- **EXERCISE REQUIREMENTS**: The whole of the data is to be reproduced exactly.

- **SOURCE MATERIAL**:
▼▼▼

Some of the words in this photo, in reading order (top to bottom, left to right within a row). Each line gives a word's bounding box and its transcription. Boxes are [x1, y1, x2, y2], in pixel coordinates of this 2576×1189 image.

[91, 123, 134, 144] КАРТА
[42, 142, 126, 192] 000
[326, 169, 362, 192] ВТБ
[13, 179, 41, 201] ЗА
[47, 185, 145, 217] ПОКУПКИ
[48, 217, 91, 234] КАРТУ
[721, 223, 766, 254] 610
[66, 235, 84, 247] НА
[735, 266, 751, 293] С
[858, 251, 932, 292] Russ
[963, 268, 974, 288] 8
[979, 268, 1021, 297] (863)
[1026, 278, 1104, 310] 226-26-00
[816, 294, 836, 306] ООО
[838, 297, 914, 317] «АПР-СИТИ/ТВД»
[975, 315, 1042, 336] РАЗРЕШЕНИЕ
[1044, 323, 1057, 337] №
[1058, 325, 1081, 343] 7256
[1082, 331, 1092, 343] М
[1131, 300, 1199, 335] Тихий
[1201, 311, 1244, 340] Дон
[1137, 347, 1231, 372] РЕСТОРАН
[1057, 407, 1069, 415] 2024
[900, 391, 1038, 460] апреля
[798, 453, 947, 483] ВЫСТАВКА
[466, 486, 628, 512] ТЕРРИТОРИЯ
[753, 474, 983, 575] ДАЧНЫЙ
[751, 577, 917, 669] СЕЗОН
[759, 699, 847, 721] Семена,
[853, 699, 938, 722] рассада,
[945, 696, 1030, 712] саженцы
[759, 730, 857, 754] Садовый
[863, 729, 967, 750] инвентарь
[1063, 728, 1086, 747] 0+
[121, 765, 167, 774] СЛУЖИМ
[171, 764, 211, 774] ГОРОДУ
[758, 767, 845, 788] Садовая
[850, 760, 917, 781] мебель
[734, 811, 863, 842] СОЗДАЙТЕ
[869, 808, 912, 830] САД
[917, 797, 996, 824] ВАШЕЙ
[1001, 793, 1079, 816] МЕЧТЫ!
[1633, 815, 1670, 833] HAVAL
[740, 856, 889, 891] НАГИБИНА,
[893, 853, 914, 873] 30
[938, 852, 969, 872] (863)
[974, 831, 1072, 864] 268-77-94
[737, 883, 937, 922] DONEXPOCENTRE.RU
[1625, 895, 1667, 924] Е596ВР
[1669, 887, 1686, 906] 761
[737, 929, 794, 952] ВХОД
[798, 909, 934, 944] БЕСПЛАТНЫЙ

▲▲▲

- **RESULT**:
Some of the words in this photo, in reading order (top to bottom, left to right within a row). Each line gives a word's bounding box and its transcription. Boxes are [x1, y1, x2, y2], in pixel coordinates of this 2576×1189 image.

[91, 123, 134, 144] КАРТА
[42, 142, 126, 192] 000
[326, 169, 362, 192] ВТБ
[13, 179, 41, 201] ЗА
[47, 185, 145, 217] ПОКУПКИ
[48, 217, 91, 234] КАРТУ
[721, 223, 766, 254] 610
[66, 235, 84, 247] НА
[735, 266, 751, 293] С
[858, 251, 932, 292] Russ
[963, 268, 974, 288] 8
[979, 268, 1021, 297] (863)
[1026, 278, 1104, 310] 226-26-00
[816, 294, 836, 306] ООО
[838, 297, 914, 317] «АПР-СИТИ/ТВД»
[975, 315, 1042, 336] РАЗРЕШЕНИЕ
[1044, 323, 1057, 337] №
[1058, 325, 1081, 343] 7256
[1082, 331, 1092, 343] М
[1131, 300, 1199, 335] Тихий
[1201, 311, 1244, 340] Дон
[1137, 347, 1231, 372] РЕСТОРАН
[1057, 407, 1069, 415] 2024
[900, 391, 1038, 460] апреля
[798, 453, 947, 483] ВЫСТАВКА
[466, 486, 628, 512] ТЕРРИТОРИЯ
[753, 474, 983, 575] ДАЧНЫЙ
[751, 577, 917, 669] СЕЗОН
[759, 699, 847, 721] Семена,
[853, 699, 938, 722] рассада,
[945, 696, 1030, 712] саженцы
[759, 730, 857, 754] Садовый
[863, 729, 967, 750] инвентарь
[1063, 728, 1086, 747] 0+
[121, 765, 167, 774] СЛУЖИМ
[171, 764, 211, 774] ГОРОДУ
[758, 767, 845, 788] Садовая
[850, 760, 917, 781] мебель
[734, 811, 863, 842] СОЗДАЙТЕ
[869, 808, 912, 830] САД
[917, 797, 996, 824] ВАШЕЙ
[1001, 793, 1079, 816] МЕЧТЫ!
[1633, 815, 1670, 833] HAVAL
[740, 856, 889, 891] НАГИБИНА,
[893, 853, 914, 873] 30
[938, 852, 969, 872] (863)
[974, 831, 1072, 864] 268-77-94
[737, 883, 937, 922] DONEXPOCENTRE.RU
[1625, 895, 1667, 924] Е596ВР
[1669, 887, 1686, 906] 761
[737, 929, 794, 952] ВХОД
[798, 909, 934, 944] БЕСПЛАТНЫЙ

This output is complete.